A desvalorização contínua em metais preciosos está afetando significativamente as moedas com maior exposição aos termos de troca. Metais industriais e outros ativos tangíveis também enfrentam pressão devido a rendimentos nominais e reais elevados. O custo marginal para as receitas de exportação prejudicará o desempenho em um ambiente que deveria ser favorável ao carry trade.
Em termos de exposição direta, o ZAR e o PEN têm mais a perder. A platina e os metais do grupo da platina (PGMs) dominam as exportações sul-africanas, enquanto o Peru é o terceiro maior produtor de prata do mundo, com exportações desproporcionalmente grandes em relação à China e ao México, os dois maiores produtores.

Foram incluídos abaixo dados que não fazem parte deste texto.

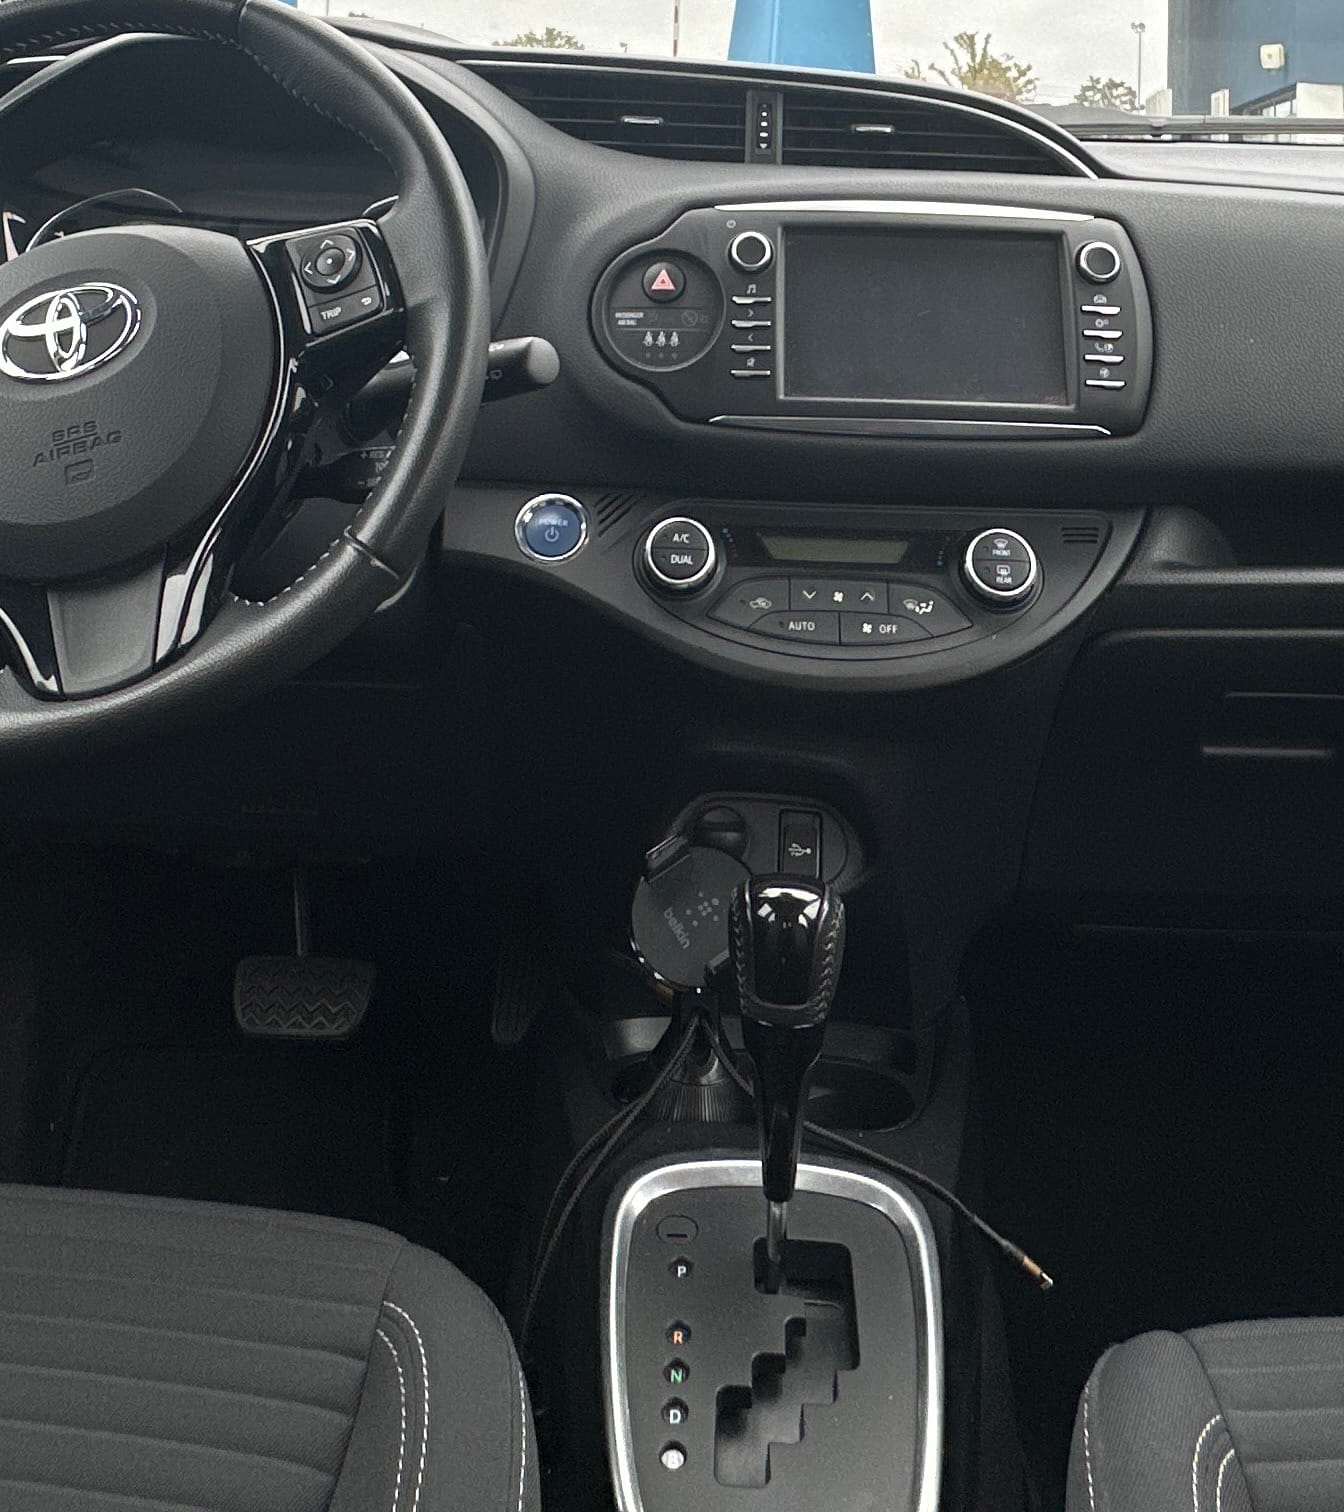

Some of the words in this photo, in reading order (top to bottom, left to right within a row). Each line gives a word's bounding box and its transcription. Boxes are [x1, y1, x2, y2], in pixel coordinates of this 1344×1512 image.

[320, 306, 342, 320] TRIP
[538, 518, 569, 527] POWER
[672, 533, 690, 544] A/C
[670, 553, 694, 566] DUAL
[788, 621, 816, 631] AUTO
[879, 624, 898, 634] OFF
[677, 1265, 687, 1278] P
[673, 1331, 683, 1344] R
[670, 1369, 683, 1384] N
[669, 1409, 681, 1424] D
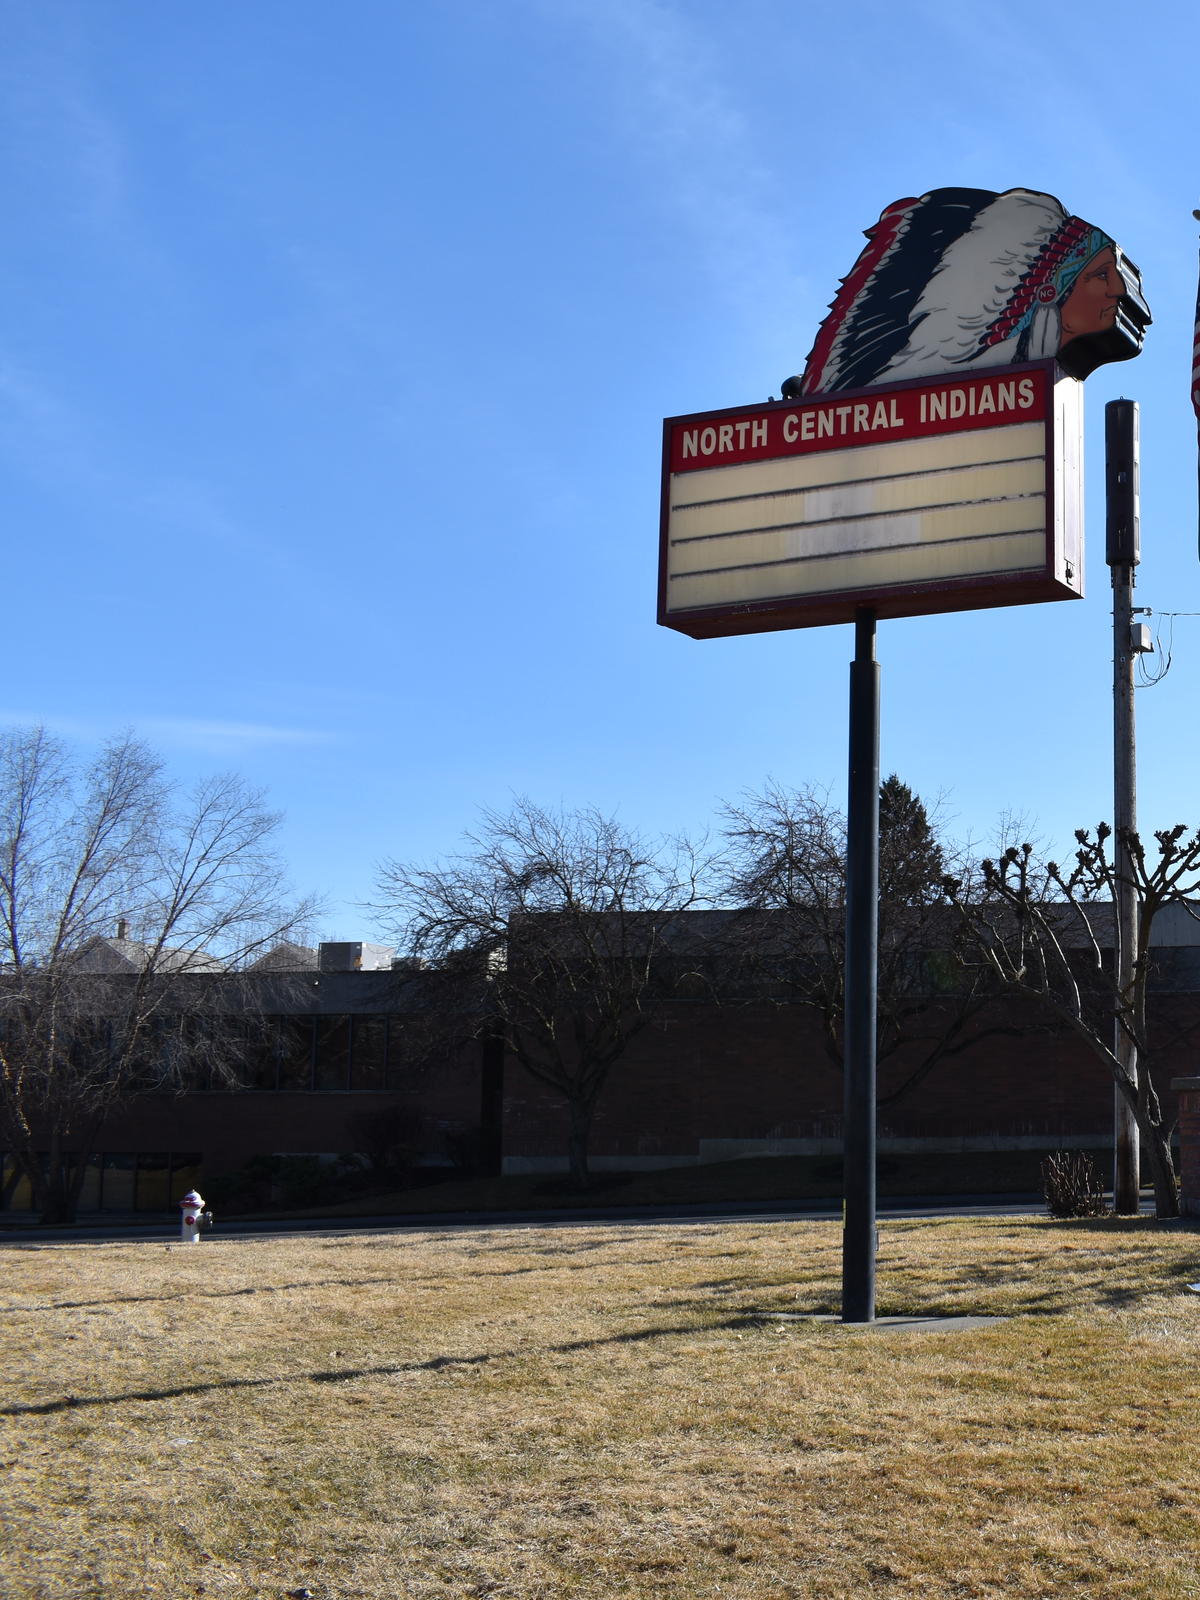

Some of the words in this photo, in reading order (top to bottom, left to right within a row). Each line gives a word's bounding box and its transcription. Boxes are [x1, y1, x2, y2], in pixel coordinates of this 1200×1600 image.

[1040, 289, 1055, 299] NC
[682, 419, 768, 458] NORTH
[783, 399, 904, 443] CENTRAL
[920, 379, 1034, 423] INDIANS
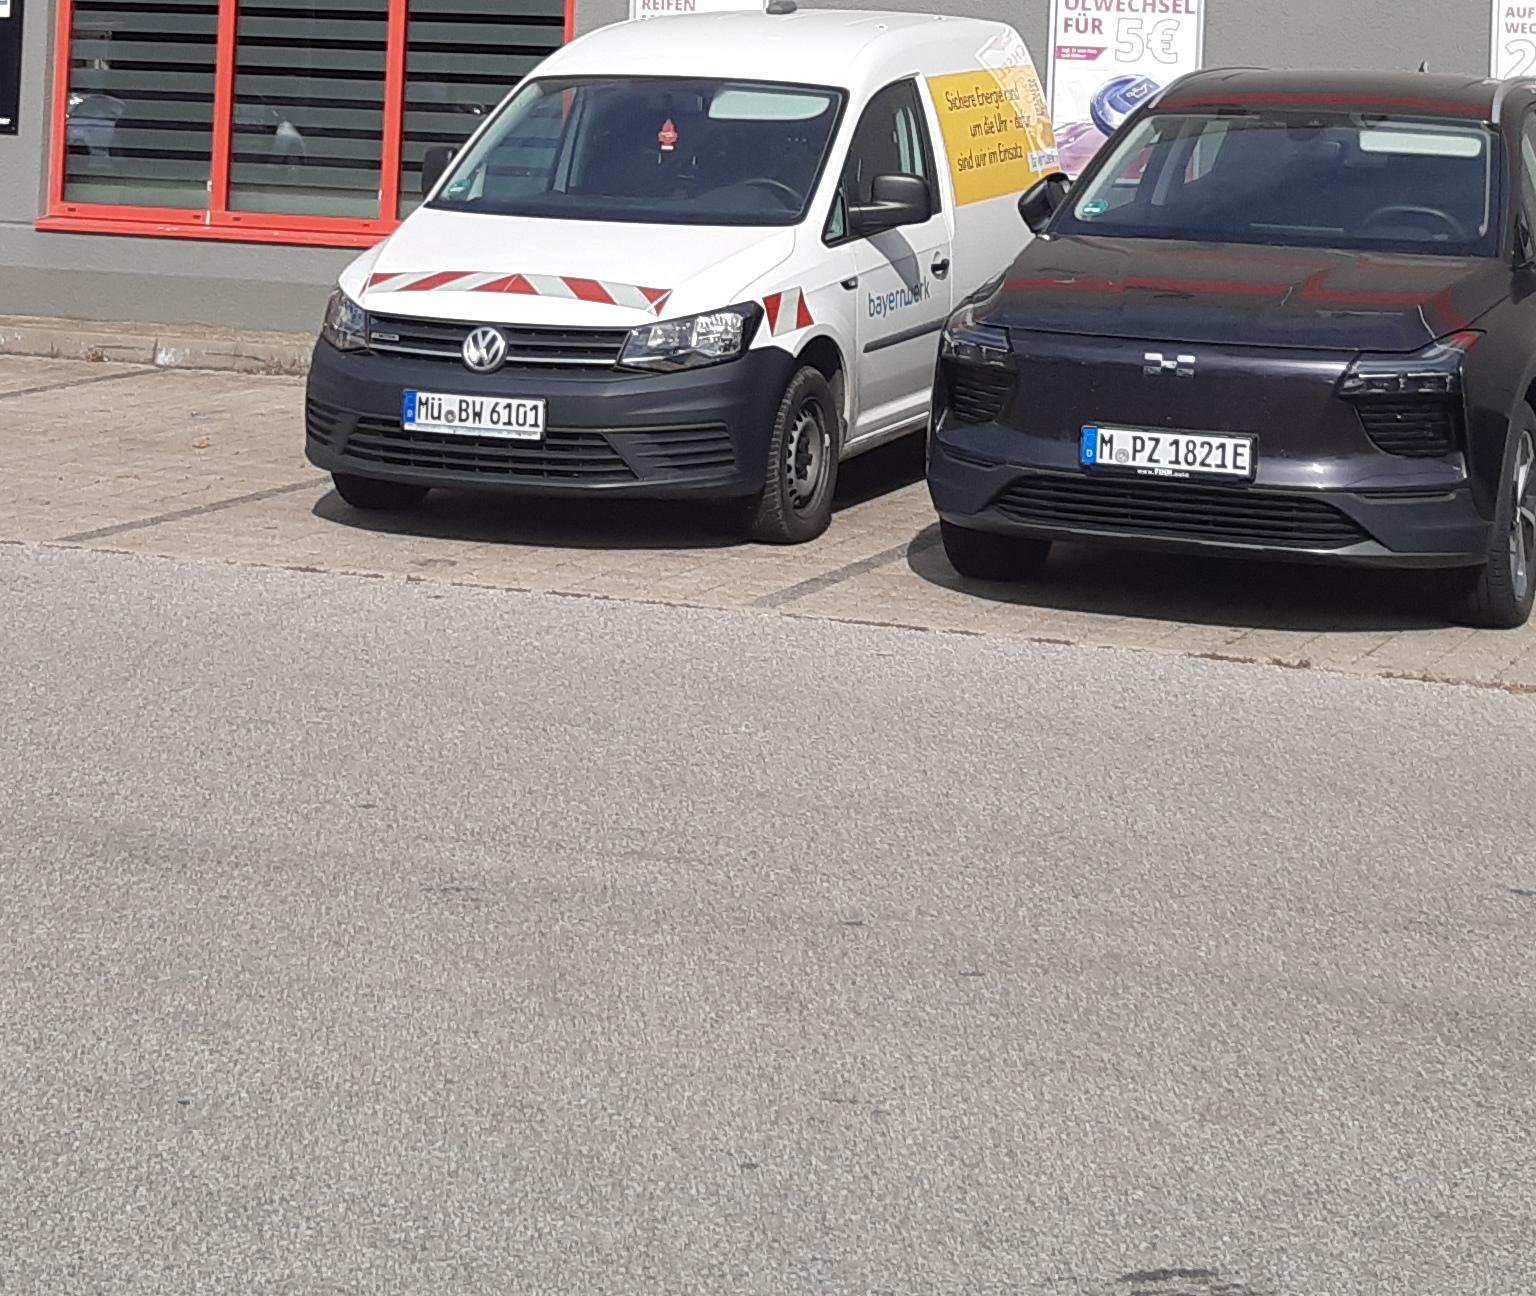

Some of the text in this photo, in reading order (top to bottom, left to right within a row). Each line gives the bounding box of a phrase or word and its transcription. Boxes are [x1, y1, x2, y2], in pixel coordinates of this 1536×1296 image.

A queda nos preços de metais preciosos continuará a impactar o desempenho do ZAR e do PEN, mas não prevemos uma mudança para uma subperformance explícita ou agressiva. Existem fatores institucionais que podem ser benéficos, como o mandato de inflação da África do Sul e a resiliência do banco central.
O Peru também está à beira de mudanças políticas consideradas mais favoráveis aos negócios e alinhadas aos EUA, o que pode ajudar o desempenho dos ativos a emular os ganhos recentes da Colômbia.